Python package to generate image embeddings with CLIP without PyTorch/TensorFlow

Overview

imgbeddings

A Python package to generate embedding vectors from images, using OpenAI's robust CLIP model via Hugging Face transformers. These image embeddings, derived from an image model that has seen the entire internet up to mid-2020, can be used for many things: unsupervised clustering (e.g. via umap), embeddings search (e.g. via faiss), and using downstream for other framework-agnostic ML/AI tasks such as building a classifier or calculating image similarity.

  • The embeddings generation models are ONNX INT8-quantized, meaning they're 20-30% faster on the CPU, much smaller on disk, and doesn't require PyTorch or TensorFlow as a dependency!
  • Works for many different image domains thanks to CLIP's zero-shot performance.
  • Includes utilities for using principal component analysis (PCA) to reduces the dimensionality of generated embeddings without losing much info.

Real-World Demo Notebooks

You can read how to use imgbeddings for real-world use cases in these Jupyter Notebooks:

Installation

aitextgen can be installed from PyPI:

pip3 install imgbeddings

Quick Example

Let's say you want to generate an image embedding for a cute cat photo.
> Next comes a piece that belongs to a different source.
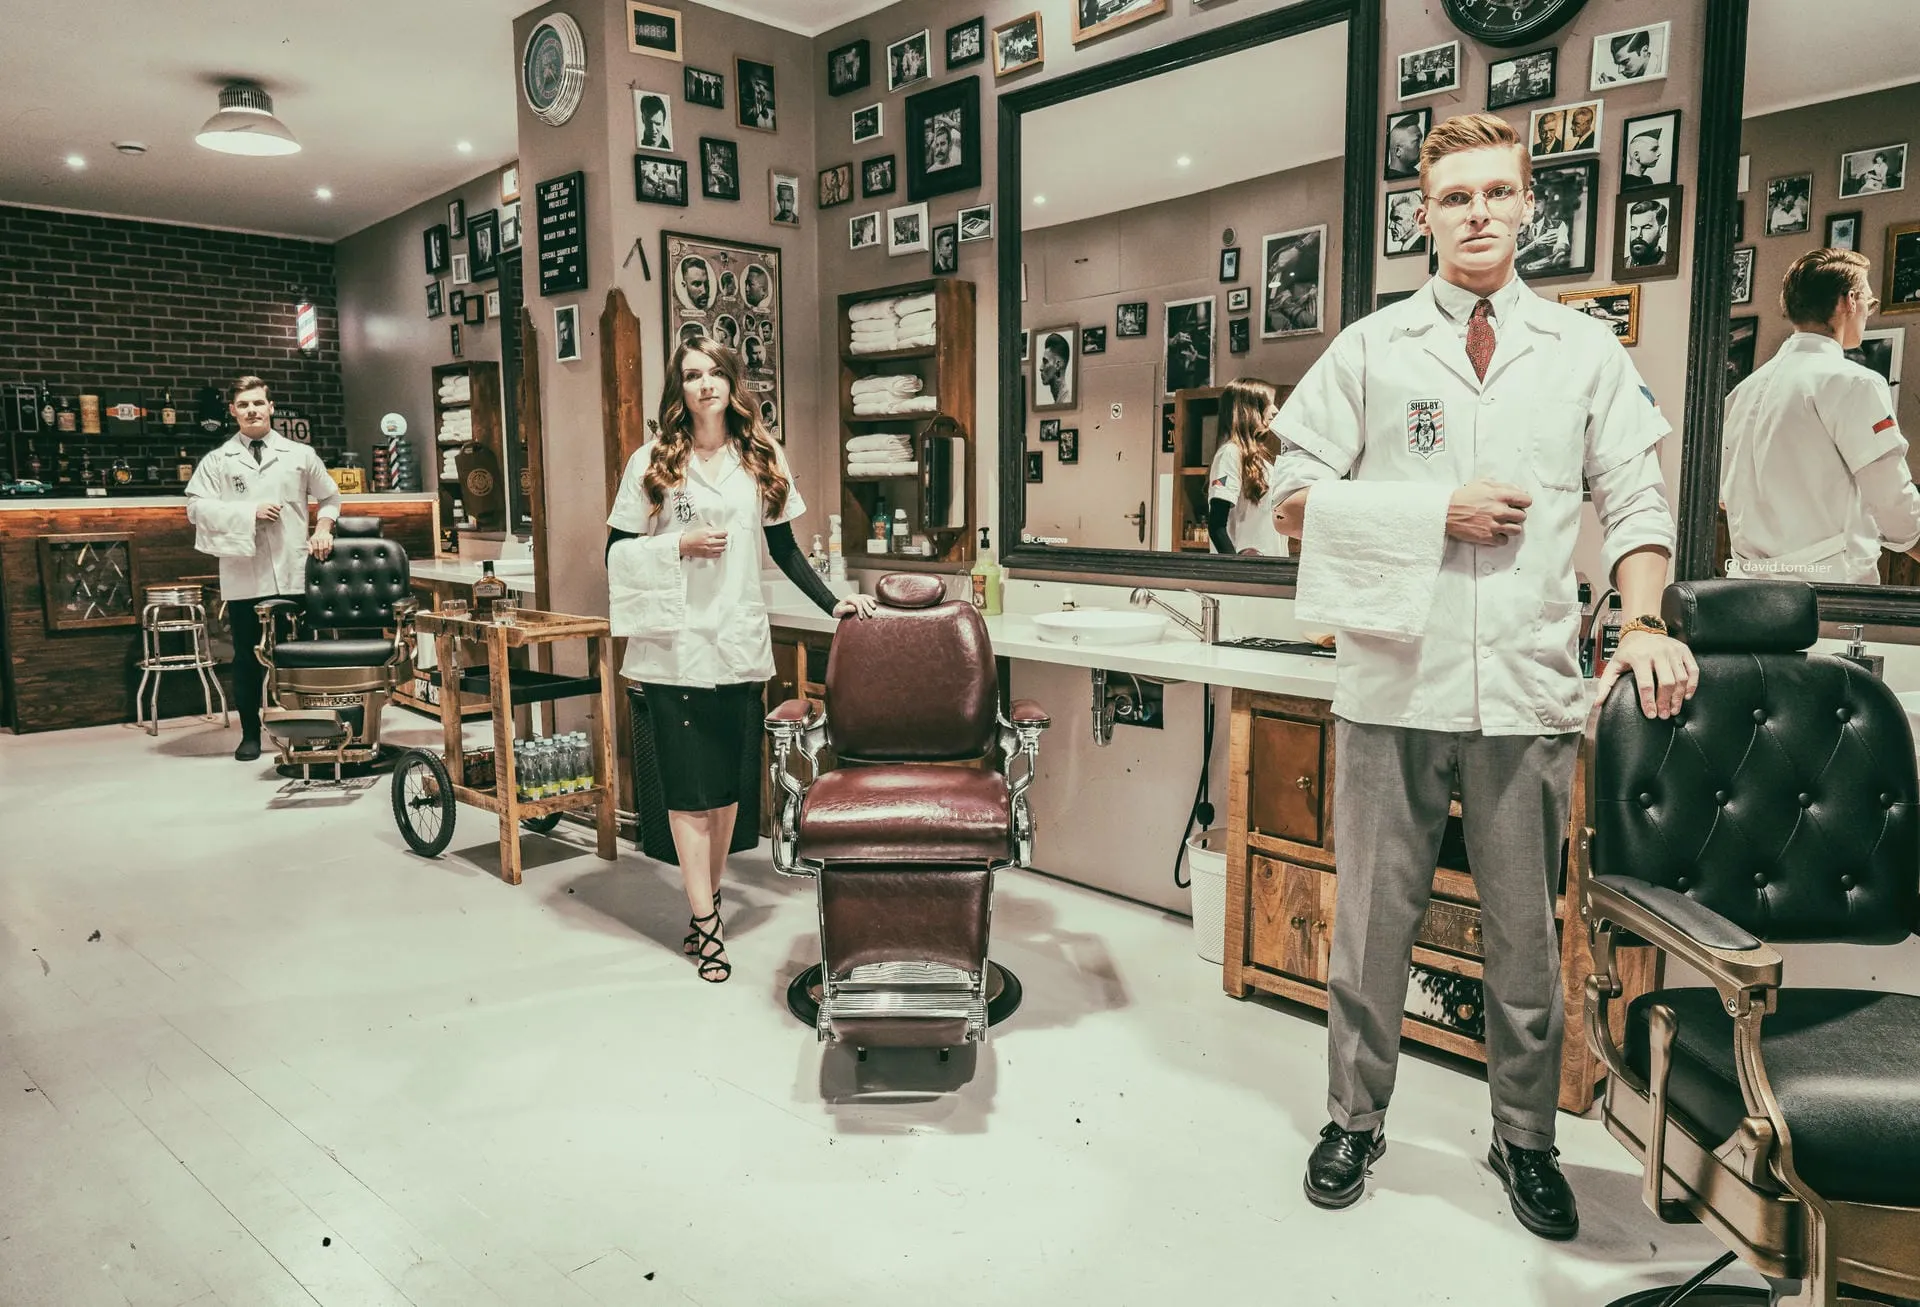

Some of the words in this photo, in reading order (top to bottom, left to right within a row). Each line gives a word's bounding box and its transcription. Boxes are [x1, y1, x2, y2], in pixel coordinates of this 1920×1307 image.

First you can download the photo:

import requests
from PIL import Image
url = "http://images.cocodataset.org/val2017/000000039769.jpg"
image = Image.open(requests.get(url, stream=True).raw)

Then, you can load imgbeddings. By default, imgbeddings will load a 88MB model based on the patch32 variant of CLIP, which separates each image into 49 32x32 patches.

from imgbeddings import imgbeddings
ibed = imgbeddings()

You can also load the patch16 model by passing patch_size = 16 to imgbeddings() (more granular embeddings but takes about 3x longer to run), or the "large" patch14 model with patch_size = 14 (3.5x model size, 3x longer than patch16).

Then to generate embeddings, all you have to is pass the image to to_embeddings()!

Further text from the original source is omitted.